Designing an Asymmetrical Garden
In simple terms, a garden bed is designed around a central point, which may be an object such as a plant, a front door, a tree, or a container. The central point can also be unseen, or imaginary. You can have either symmetrical or asymmetrical garden design layouts. A symmetrical garden design is equal on both sides of the central point. For example, a large shrub on one side is mirrored by a nearly identical shrub on the other side. These are normally what you think of when discussing formal gardens. An asymmetrical design, on the other hand, is still balanced around the central reference point, but in a way that one side differs from the other. For example, one large shrub on one side may be balanced by three smaller shrubs on the other. To provide balance, the total mass of the smaller shrubs is somewhat equal to the larger shrub.
How to Make an Asymmetrical Garden
Asymmetrical garden ideas abound and are dependent on the individual gardener but all share the same basic design principles:
Flower beds: Determine your central reference point. Plant a couple of taller plants on one side, then balance them with lower growing ferns, hostas, or ground covers on the other side.
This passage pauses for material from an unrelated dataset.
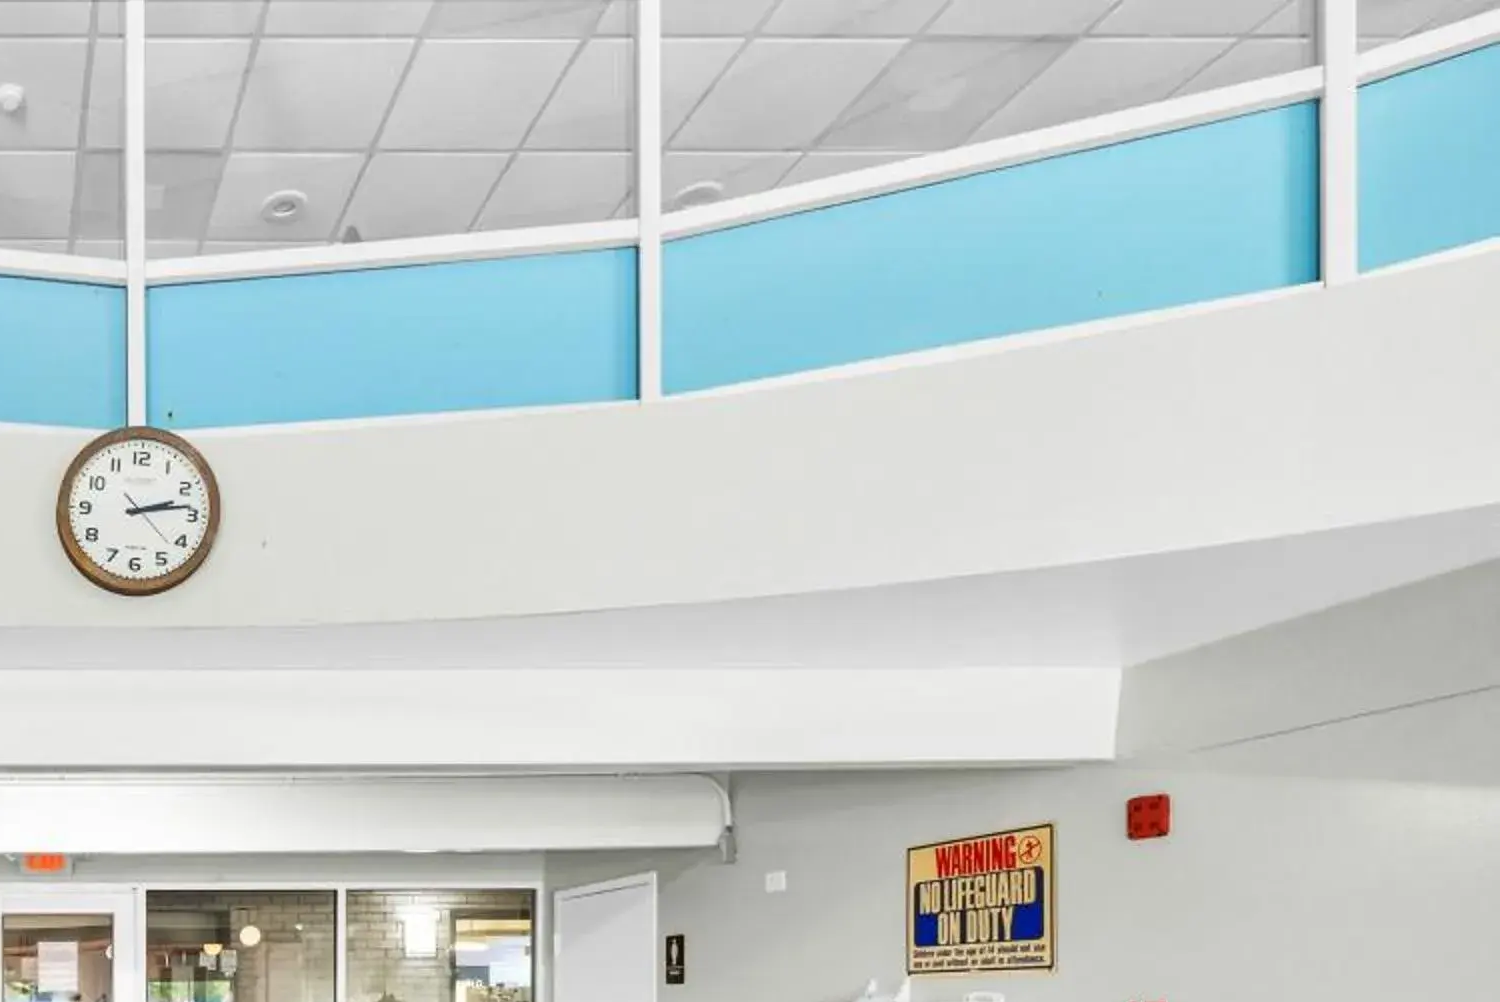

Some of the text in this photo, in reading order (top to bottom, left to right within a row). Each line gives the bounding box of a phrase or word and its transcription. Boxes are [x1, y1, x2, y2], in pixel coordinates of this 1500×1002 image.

An entire garden space: Populate one side of the space with large shade trees, then provide balance with masses of colorful low growing perennials and annuals. Garden gates: Arrange a cluster of lower-growing shrubs or perennials on one side, balanced by a large garden container or columnar shrub on the other. Steps: If you have garden steps, arrange large stones or boulders on one side, balanced by trees or taller shrubs on the other side.